Tencent People Like Openclaw

Tencent People Like Openclaw
Source: Forbes

In the halls of Tencent, the lobster is king. So goes reporting from this area of the tech world, where the age of agentic AI is shown off in bold color.

Tencent, founded in 1998, is a top Chinese tech firm best known for its WeChat and QQ messaging platforms. It dominates gaming globally, owns stakes in major tech companies, and provides cloud, fintech, and AI services. Tencent operates as a vast digital ecosystem, integrating communication, entertainment, payments, and enterprise tools across billions of users worldwide.

So what's happening there? Apparently, Tencent employees are rushing to install OpenClaw on their devices and letting it play with their systems.

For those who don't know, OpenClaw is an open-source AI personal assistant with agentic capabilities. That means instead of just passively responding to user events, the technology uses neural net cognition to "actually do things," working proactively on what it "thinks" is the human user's best interests.

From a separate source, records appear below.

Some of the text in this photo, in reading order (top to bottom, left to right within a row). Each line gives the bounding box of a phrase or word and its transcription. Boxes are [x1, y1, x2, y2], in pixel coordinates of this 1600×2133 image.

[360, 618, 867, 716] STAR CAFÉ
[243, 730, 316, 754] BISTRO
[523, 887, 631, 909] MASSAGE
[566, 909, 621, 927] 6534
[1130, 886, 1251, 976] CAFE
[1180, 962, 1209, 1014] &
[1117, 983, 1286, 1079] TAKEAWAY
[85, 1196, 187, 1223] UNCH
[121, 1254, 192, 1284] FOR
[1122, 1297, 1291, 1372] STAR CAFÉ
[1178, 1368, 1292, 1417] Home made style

Now, there's been a lot of controversy as this crustacean-themed digital paradigm has been rolling out. On the one hand, OpenClaw can be great for productivity. On the other hand, it can be a security nightmare. It can delete files at will, jeopardize systems, or itself become vulnerable to a new version of a spearphishing hack. So companies have banned it, and experts have suggested that users should be embracing it with caution.

The Mad Rush

At Tencent, though, it seems to be a damn-the-torpedoes approach, according to reporting from The Information and elsewhere.

Lee Chong Ming, writing for Business Insider, reports going to a Tencent event and seeing scores of people download and install OpenClaw in a process the Chinese apparently call "raising the lobster." I'm pretty close to the MIT community, and I don't see anything like that going on here.

"The room filled fast, with people locked in during demos," Chong Ming reports. "I cringed as dozens of people at the front pinched their fingers into makeshift pincers."

The rest of the story is pretty interesting, too. Here are three big things I take away from this instance of a Chinese company getting serious about a new AI application with, well, legs and claws.

China is Ahead

As I've been reporting on the cutting edge of robotics, I've noticed a clear trend: the Chinese are much further ahead. Robots are running marathons in Beijing, walking down the street and waving to people. Again, we don't see things like that here, although I did recently announce the use of humanoid robot participants in an upcoming race here in Boston.

Anyway, it makes sense that if there's a room full of people "raising the lobster," that room is going to be in the middle kingdom, and not, say middle America, where most people have never shook hands with a humanoid robot, or spoken to one, and would, no doubt, be abundantly creeped out.

Peer Pressure Plays a Role

In his report, Chong Ming talks to a young career pro named Sylvia Han.

"People sometimes are just: FOMO," Han said. "So, like in China, in Shenzhen, some old people, they don't know how to use the AI themselves. They just go to Tencent to see what happens."

That's one person's testimony from the event, but check out what Chong Ming himself writes about his feeling while watching this group event.

"I had decided not to install OpenClaw during the event as I wasn't comfortable with the idea of letting it run freely on my personal devices," he wrote, "But, sitting through the demos, I started to second-guess that decision. Around me, people were locked in. Some had their phones raised; others were tapping away on their laptops."

So it only took sitting in a room full of enthusiasts to "second-guess" that prudent decision that he made based on informed caution.

That's what I mean: when this technology does really come to our shores, I think quite a few people will end up getting on board, maybe in waves. FOMO.

Not the Brain

Another key thing to think about is that OpenClaw is not Tencent's model. In some ways, it's not anybody's model. But it's not functioning as "the brain" of Tencent networks. Instead, it's a tool. It's assistive AI that will help human users to boost their own productivity. That's a departure from the early days where people logged in to use an early GPT or Claude.

Think of that prior era as the "mainframe" era of LLMs: they were centrally housed in large facilities. Now agentic AI is everywhere.